Major AI Company Crawlers

  1. GPTBot – Used by OpenAI
  2. ChatGPT-User – OpenAI browsing requests
  3. ClaudeBot – Used by Anthropic
  4. Claude-Web – Anthropic web access agent
  5. anthropic-ai – Anthropic crawler
  6. Google-Extended – AI training control by Google
  7. GoogleOther – Google experimental crawler
  8. PerplexityBot – From Perplexity AI
  9. CCBot – From Common Crawl
  10. FacebookBot – From Meta
  11. Meta-ExternalAgent – Meta AI crawler
  12. Meta-ExternalFetcher – External Meta content fetcher
  13. facebookexternalhit – Meta link preview fetcher
  14. OAI-SearchBot – OpenAI search crawler
  15. Applebot-Extended – Apple extended crawler for AI and advanced features
  16. Perplexity-User – Perplexity user browsing requests

AI Search and Assistant Platforms

  1. YouBot – From You.com
  2. NeevaBot – From Neeva
  3. Bytespider – From ByteDance
  4. Amazonbot – From Amazon
  5. Applebot – From Apple
  6. DuckAssistBot – From DuckDuckGo

Data and Training Crawlers

  1. Diffbot – From Diffbot
  2. PetalBot – From Huawei
  3. AhrefsBot – From Ahrefs
  4. SemrushBot – From Semrush
  5. MJ12bot – From Majestic
  6. DotBot – From Moz
  7. ia_archiver – From Internet Archive
  8. img2dataset – Used for dataset generation
  9. Omgilibot – From Omgili data aggregator
  10. Omgili – Content aggregator crawler
  11. ImagesiftBot – Image dataset scraper

Emerging and AI Associated Crawlers

  1. MistralBot – From Mistral AI
  2. cohere-ai – From Cohere
  3. AlibabaBot – From Alibaba
  4. YandexGPTBot – From Yandex
  5. PanguBot – From Huawei
  6. FriendlyCrawler – Ethical AI dataset crawler
  7. Timpibot – Data indexer / AI training crawler
  8. VelenPublicWebCrawler – Web index and data gatherer
  9. Webzio-Extended – AI content discovery crawler
  10. Kangaroo Bot – Emerging AI data bot
  11. iaskspider2.0 – From China’s iAsk search
  12. Ai2Bot – From Allen Institute for AI
  13. Ai2Bot-Dolma – Allen Institute dataset crawler
  14. ICC-Crawler – Industrial/compliance crawler
  15. ISSCyberRiskCrawler – Cyber risk data crawler
  16. Sidetrade indexer bot – AI business data crawler
  17. DeepAIbot – From DeepAI

 

Important Considerations

robots.txt Is Not Enforcement

robots.txt is simply a request, not a firewall. Bots can ignore it.

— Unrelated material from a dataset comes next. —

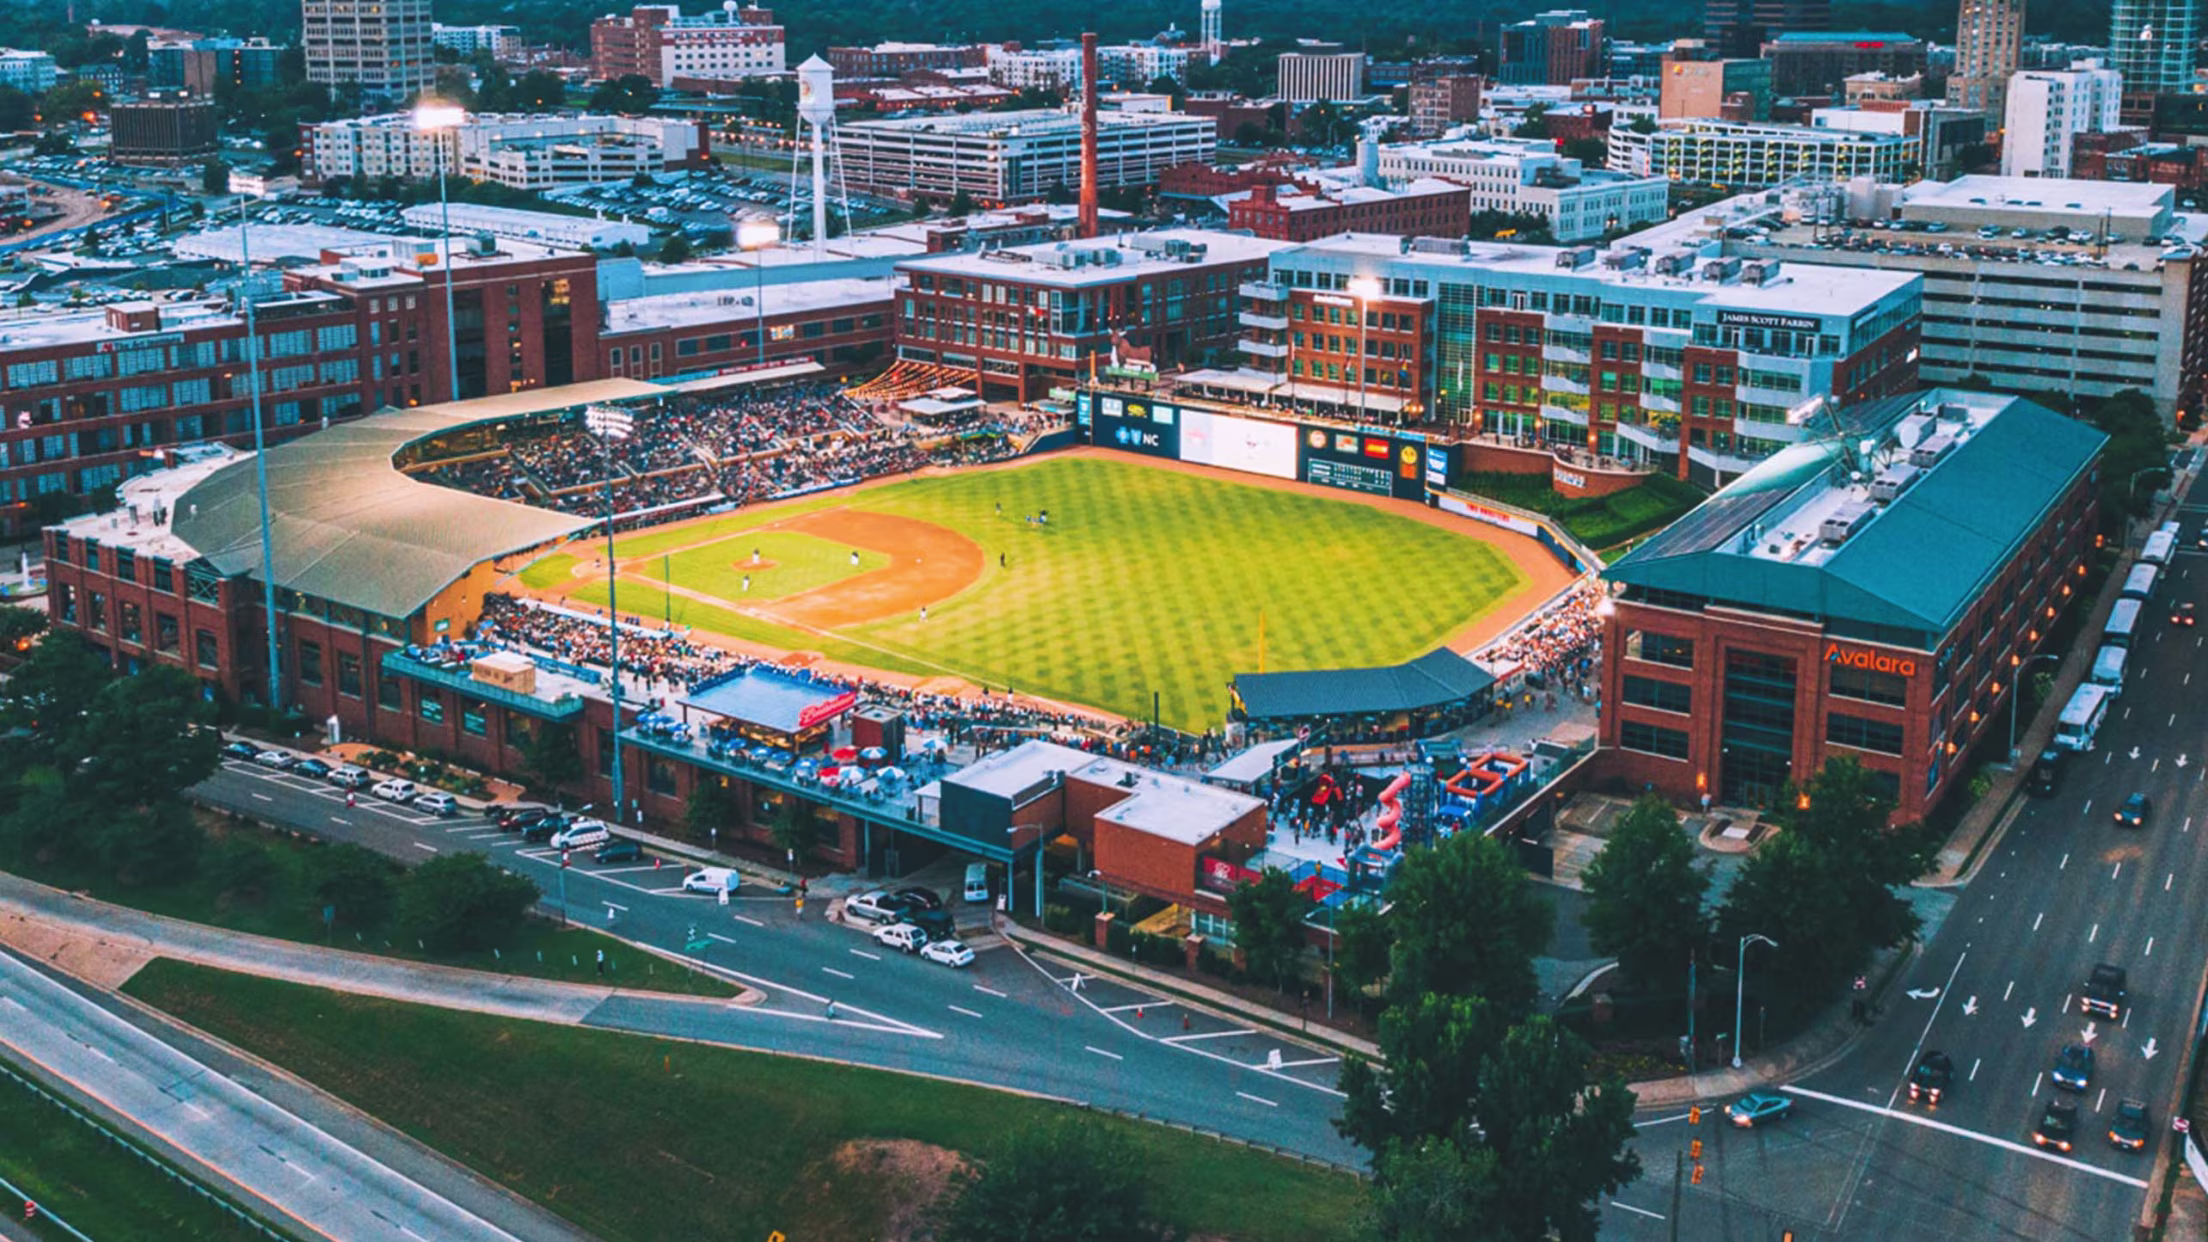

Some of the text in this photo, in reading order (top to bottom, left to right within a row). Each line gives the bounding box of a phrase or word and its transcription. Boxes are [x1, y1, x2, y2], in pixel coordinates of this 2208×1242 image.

For stronger control consider using/implementing

  • Server level blocking Nginx or Apache rules
  • Block by IP range
  • Use a WAF such as Cloudflare or Akamai
  • Require login for premium content

Blocking May Impact Visibility

Blocking GoogleExtended does not affect Google Search indexing it only controls AI model training.

However blocking core search bots like Googlebot or Bingbot can remove you from search results.

Logs Are Your Best Friend

Check your server logs to

  • Confirm bot identity
  • Detect fake user agents
  • Identify high frequency scrapers

 

Should You Block AI Bots

If You Want Consider
Maximum exposure Allow AI bots
Protect proprietary content Block training bots
Monetize content Use paywalls and server blocking
Control usage rights Update Terms of Service

 

Final Thoughts

AI crawling is now a permanent part of the web ecosystem.

The question is not whether bots will visit your site.

It is whether you are controlling them.

Start with

  • A properly configured robots.txt
  • Clear AI policy
  • Log monitoring
  • Server level protections

In 2026 digital content governance is no longer optional it is infrastructure.